++++ Source data

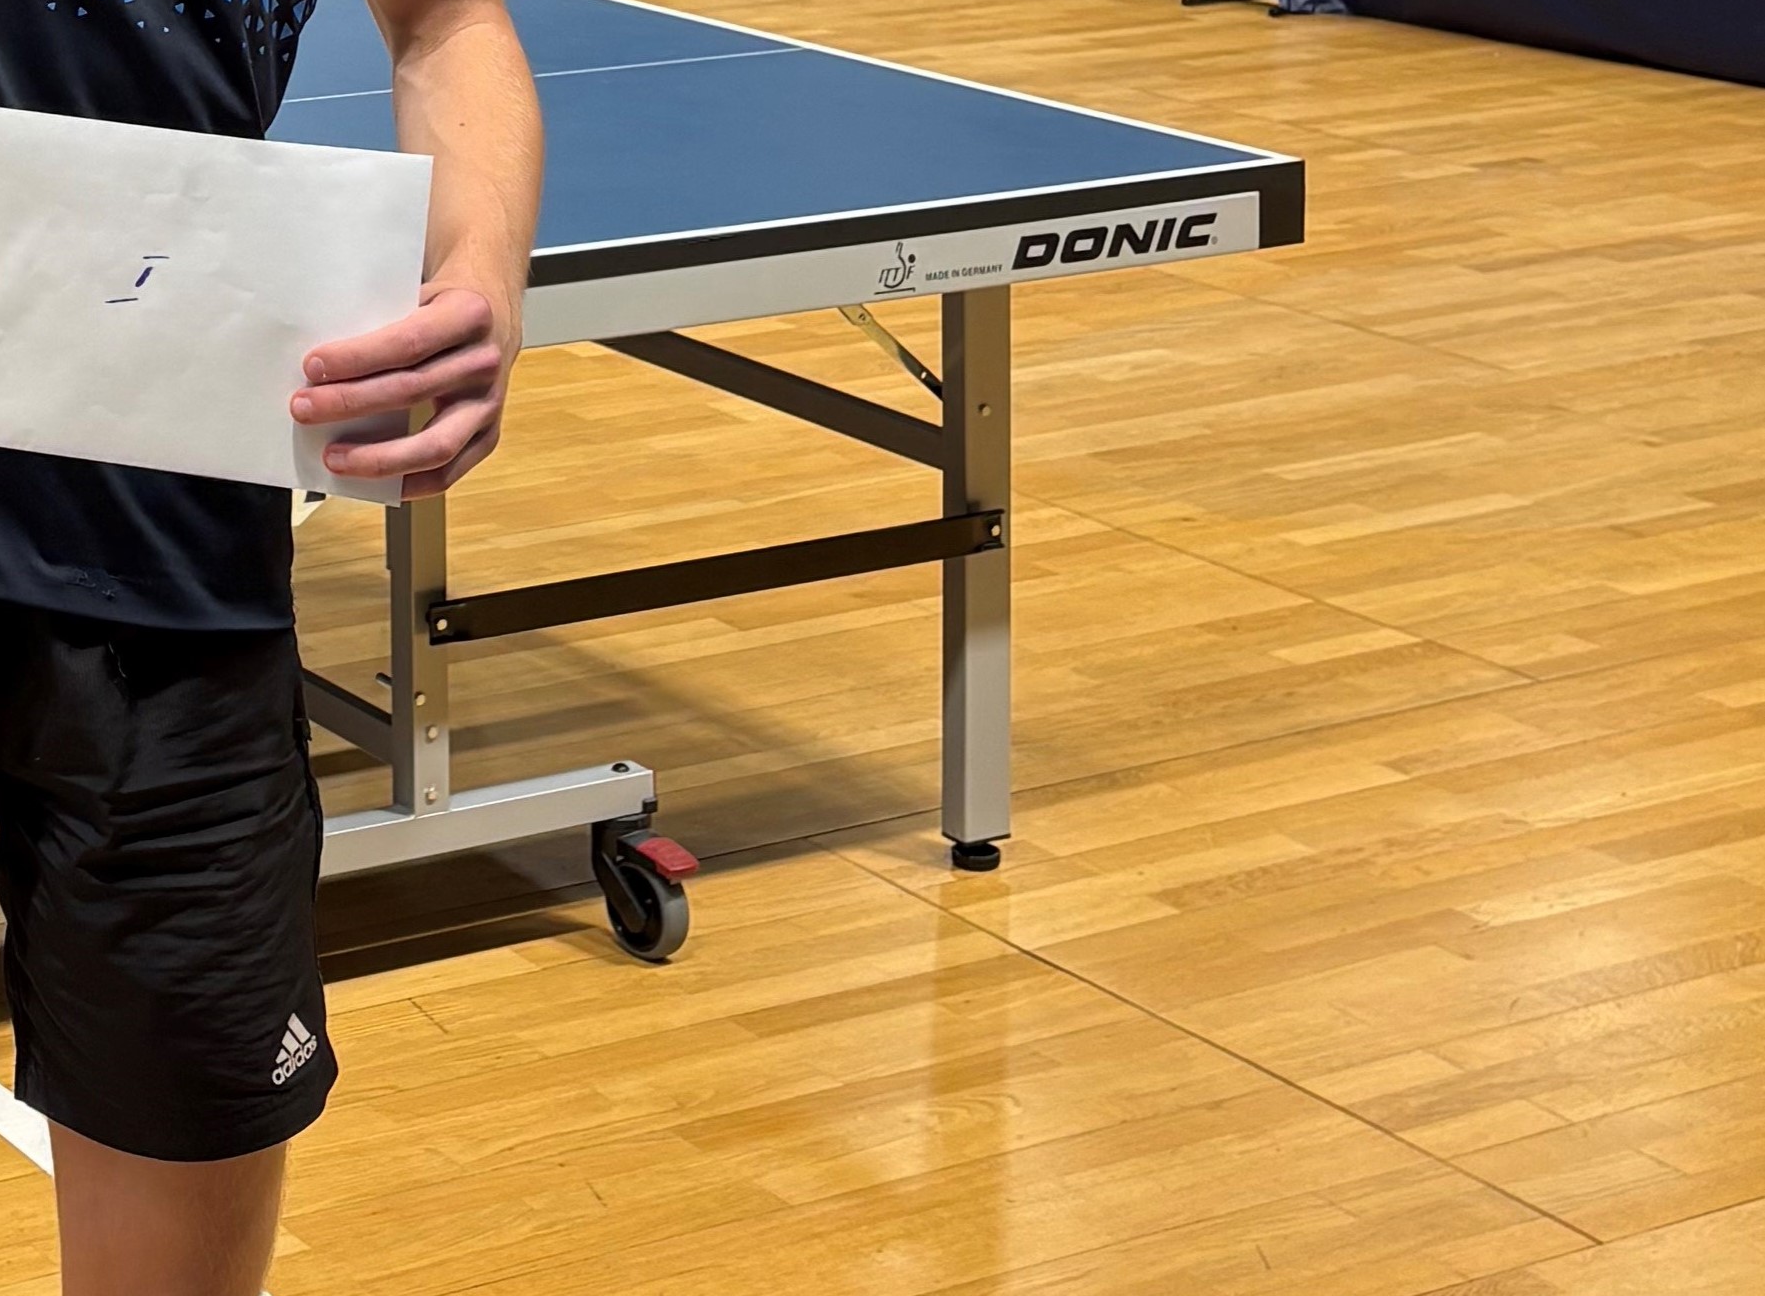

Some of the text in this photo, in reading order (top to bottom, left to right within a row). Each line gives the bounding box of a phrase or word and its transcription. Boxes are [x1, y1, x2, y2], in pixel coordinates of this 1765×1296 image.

[1011, 212, 1217, 271] DONIC
[925, 263, 1004, 282] MADE IN GERMANY
[272, 1035, 317, 1086] adidas
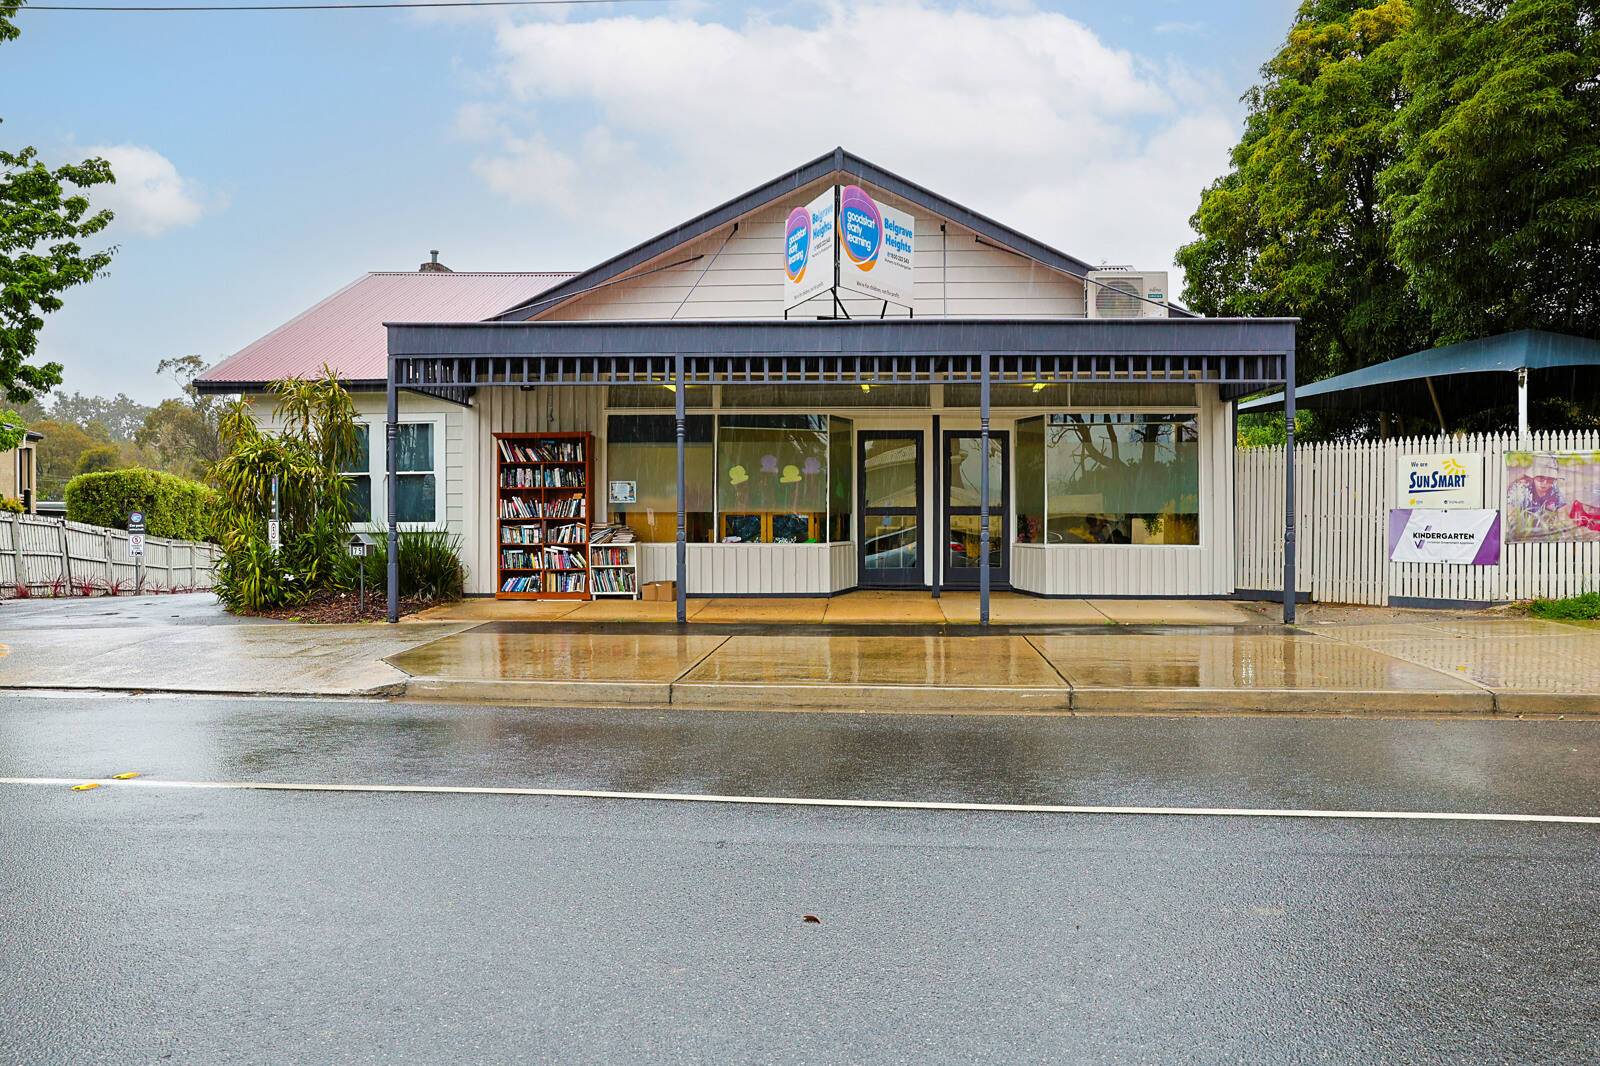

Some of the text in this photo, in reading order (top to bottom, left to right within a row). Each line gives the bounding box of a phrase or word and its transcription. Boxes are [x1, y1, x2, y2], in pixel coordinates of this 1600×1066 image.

++++++++

Task goal
Each record is to be written out exactly. No picture goes in.

Result below
Some of the text in this photo, in reading order (top to bottom, left to right within a row). Each line gives the bounding box of a phrase or word and its transcription. Boxes are [x1, y1, x2, y2], in pixel coordinates of this 1765×1296 image.

[1011, 212, 1217, 271] DONIC
[925, 263, 1004, 282] MADE IN GERMANY
[272, 1035, 317, 1086] adidas

Some of the text in this photo, in reading order (top to bottom, left to right within a row). Each line gives the bounding box of a phrase or word and its transcription. Boxes are [x1, y1, x2, y2], in pixel coordinates of this 1600×1066 image.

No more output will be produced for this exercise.